I searched the issues list for "empty dataframe" but did not find anything matching.

In pandas 0.16.1, the result of adding 2 empty dataframes is not equal to another empty dataframe.

This code, in pandas 0.15.2, does what is expected:

import pandas as pd

pd.show_versions()

df1 = pd.DataFrame()

df2 = pd.DataFrame()

assert df1.equals(df1)

assert df2.equals(df1)

assert (df1+df1).equals(df2)

It fails in 0.16.1.

0.15.2 output:

INSTALLED VERSIONS
------------------
commit: None
python: 2.7.7.final.0
python-bits: 64
OS: Windows
OS-release: 7
machine: AMD64
processor: Intel64 Family 6 Model 26 Stepping 5, GenuineIntel
byteorder: little
LC_ALL: None
LANG: en_GB

pandas: 0.15.2
nose: 1.3.6
Cython: 0.21.1
numpy: 1.9.2
scipy: 0.15.1
statsmodels: None
IPython: 3.1.0
sphinx: 1.3.1
patsy: 0.3.0
dateutil: 2.4.2
pytz: 2015.4
bottleneck: 0.8.0
tables: 3.1.1
numexpr: 2.3.1
matplotlib: 1.4.0
openpyxl: 1.8.5
xlrd: 0.9.3
xlwt: 0.7.5
xlsxwriter: 0.7.2
lxml: 3.4.0
bs4: 4.3.2
html5lib: 0.999
httplib2: None
apiclient: None
rpy2: None
sqlalchemy: 0.9.7
pymysql: None
psycopg2: None

0.16.1 output:

INSTALLED VERSIONS
------------------
commit: None
python: 2.7.9.final.0
python-bits: 64
OS: Windows
OS-release: 7
machine: AMD64
processor: Intel64 Family 6 Model 26 Stepping 5, GenuineIntel
byteorder: little
LC_ALL: None
LANG: None

pandas: 0.16.1
nose: 1.3.6
Cython: 0.22
numpy: 1.9.2
scipy: 0.14.0
statsmodels: 0.6.1
IPython: 3.1.0
sphinx: 1.3.1
patsy: 0.3.0
dateutil: 2.4.2
pytz: 2015.4
bottleneck: 0.8.0
tables: 3.1.1
numexpr: 2.3.1
matplotlib: 1.4.3
openpyxl: None
xlrd: 0.9.3
xlwt: None
xlsxwriter: 0.7.2
lxml: None
bs4: 4.3.2
html5lib: 0.999
httplib2: None
apiclient: None
sqlalchemy: 1.0.4
pymysql: None
psycopg2: None
---------------------------------------------------------------------------
AssertionError                            Traceback (most recent call last)
c:\test_empty_add_0.16.1.py in <module>()
     11 assert df2.equals(df1)
     12
---> 13 assert (df1+df1).equals(df2)

AssertionError:

jreback · 2015-05-21T13:17:20Z

the .equals check was made more correct in 0.16.1 so it is now picking this up. This is a very degenerate case. If it can be fixed in a elegant way, then ok.

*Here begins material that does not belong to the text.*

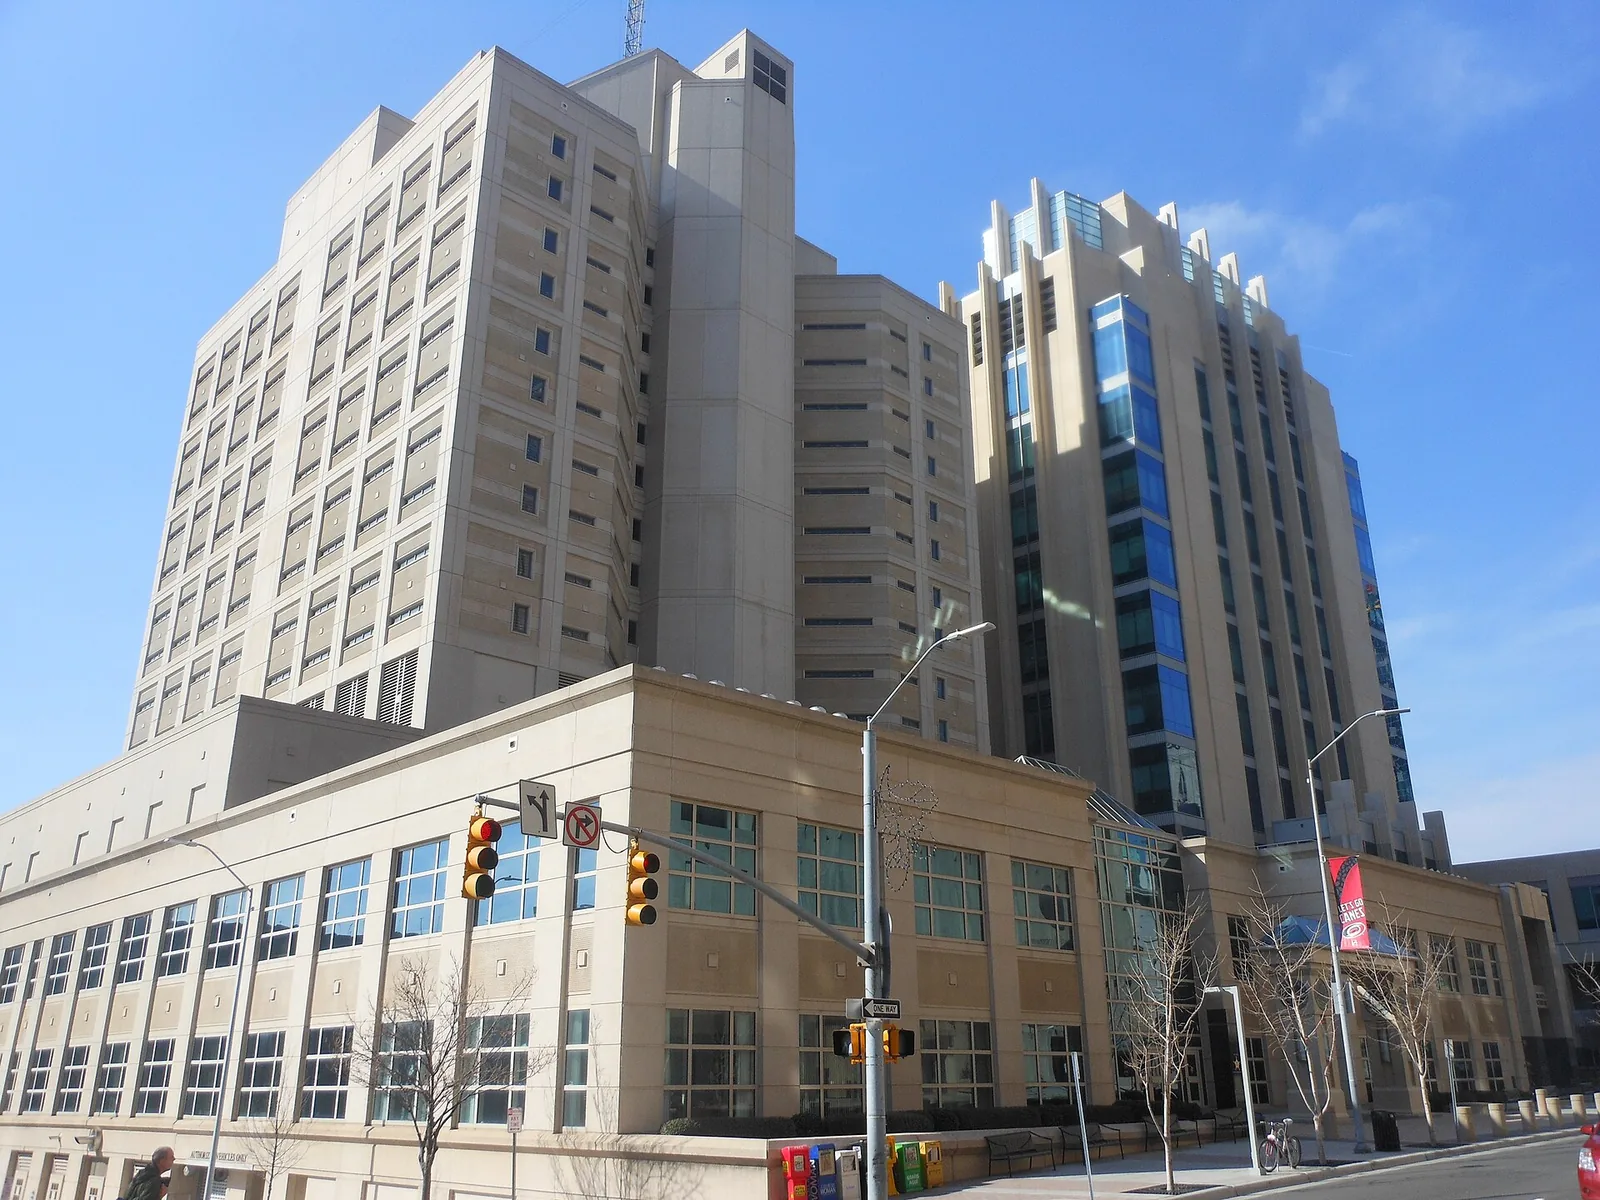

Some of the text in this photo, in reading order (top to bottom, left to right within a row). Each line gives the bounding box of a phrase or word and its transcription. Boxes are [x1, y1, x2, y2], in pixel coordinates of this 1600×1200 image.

rekcahpassyla · 2015-05-21T13:43:13Z

It's these lines where the False is returned.

Here's the output of my debugger at that point-

>>> len(self.blocks)
Out[1]: 1
>>> len(other.blocks)
Out[2]: 0
>>> self.blocks
Out[3]: (FloatBlock: [], 0 x 0, dtype: float64,)
>>> other.blocks
Out[4]: ()

jreback · 2015-05-21T13:52:42Z

this is a symptom of where the comparison happens

the issue is that a 0-Len FloatBlock is created in the first place

rekcahpassyla · 2015-05-21T13:57:23Z

Here's some background on why we needed this functionality-

We have a container class that looks something like this (paraphrased, just to avoid any issues with pasting any actual working code from my employer)

class Container(object):

    def __init__(self, a, b):
        self.a = a
        self.b = b

    @classmethod
    def empty(cls):
        return cls(pd.DataFrame(), pd.DataFrame())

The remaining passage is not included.